Adkins is only 32. But her mother, Suzie Smith, was diagnosed with Alzheimer's disease at age 52. Five years later, Smith can't feed or dress herself.

Could something as simple as eating fish save Adkins from a disease that is progressively destroying her mother's mind? Well, there's fresh evidence that fish -- often dubbed ''brain food'' -- also may be something far more potent: brain-saving food.

People who frequently eat fish may protect themselves from Alzheimer's, according to separate scientific studies by top researchers at Tufts University in Boston, Rush University in Chicago and the University of California-Los Angeles.

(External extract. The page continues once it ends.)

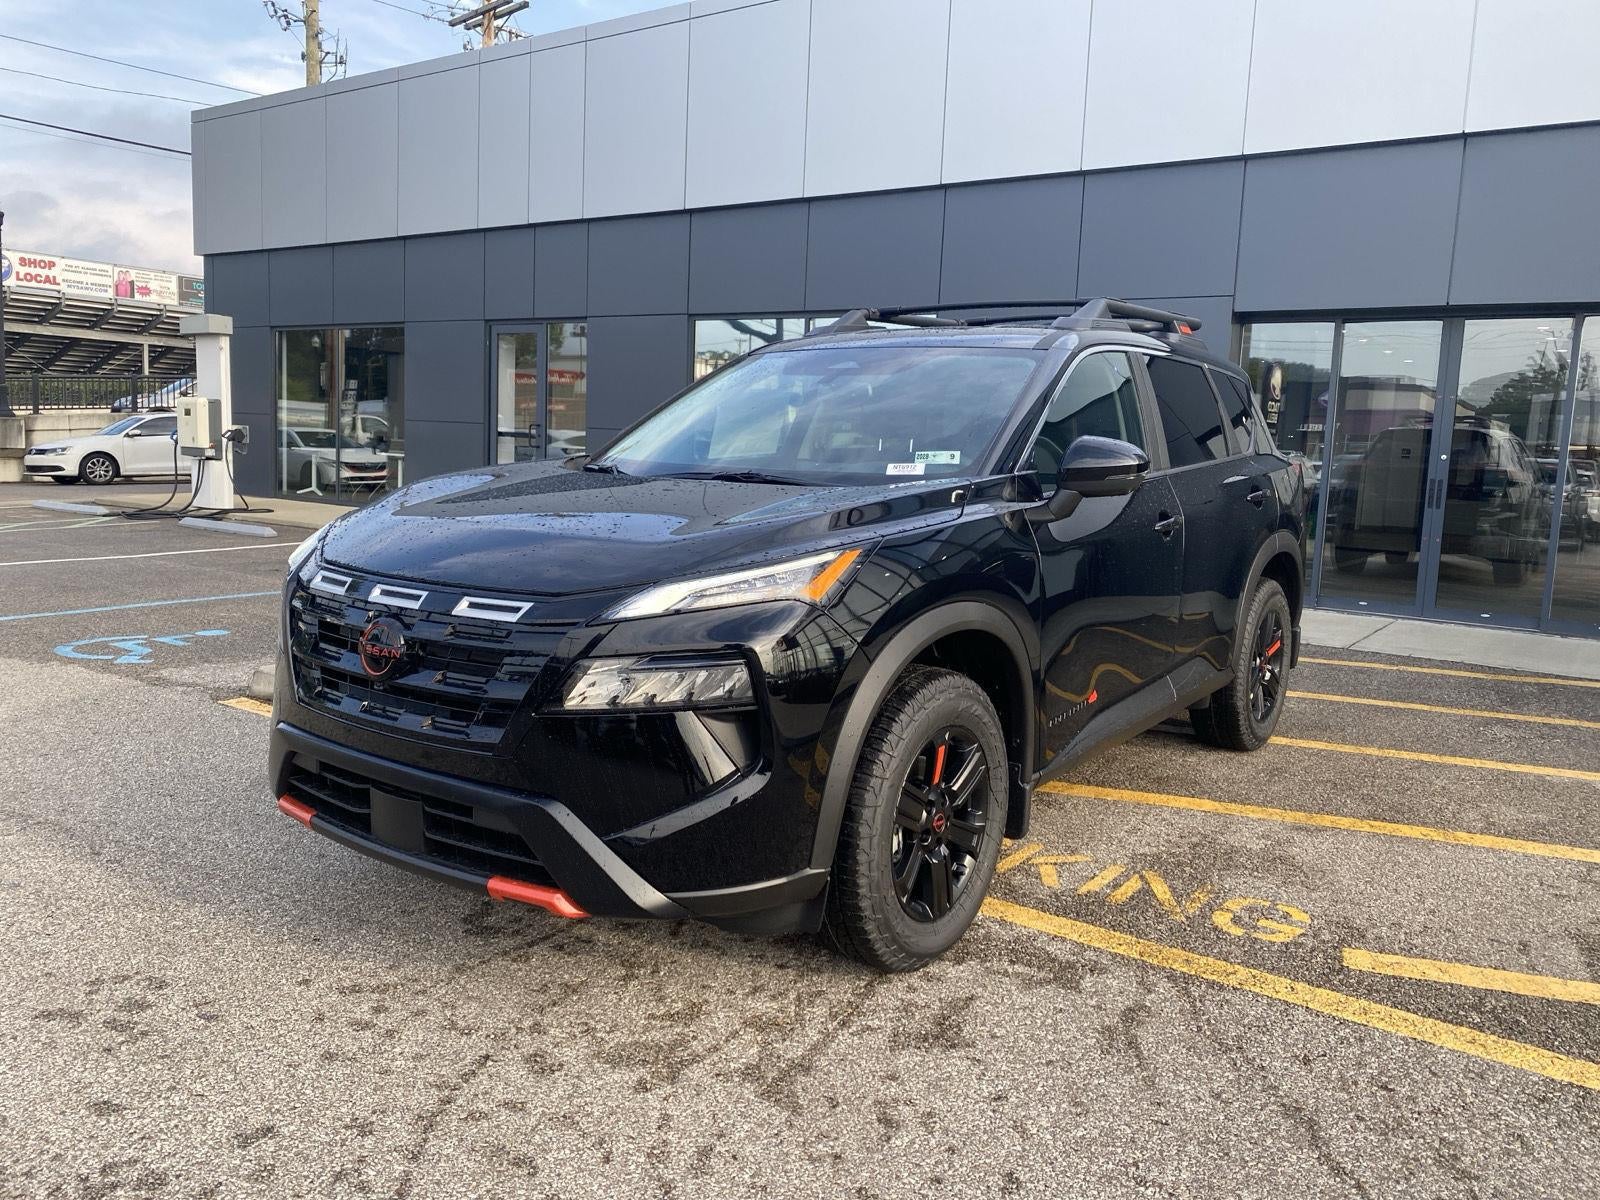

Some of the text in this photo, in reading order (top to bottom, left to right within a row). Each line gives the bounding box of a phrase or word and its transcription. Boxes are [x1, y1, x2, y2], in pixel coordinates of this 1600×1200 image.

[18, 256, 56, 270] SHOP
[15, 271, 61, 286] LOCAL
[994, 838, 1310, 942] KING

Fish is fast becoming to Alzheimer's candidates what an aspirin-a-day regimen is to many heart patients. This movement toward fish already has started to change the way some Americans live their daily lives. It's changing the way many Americans shop and eat. (The purported health benefits of fish have helped push seafood consumption to record levels, going from 15.6 pounds consumed per person in 2002 to more than 16.3 pounds consumed in 2003.) And it has empowered people such as Adkins to help themselves not by visiting the clinic or hospital, but the fish aisle of the local grocery store.

No one touts fish as a cure-all. In fact, experts also say that people should avoid eating certain fish species (shark, swordfish and king mackerel) likely to be contaminated with mercury. But increasingly, the experts now also say that a healthful diet, one that includes fish, might help delay or even prevent the dreaded disease that killed such American icons as former president Ronald Reagan, boxer Sugar Ray Robinson and actress Rita Hayworth.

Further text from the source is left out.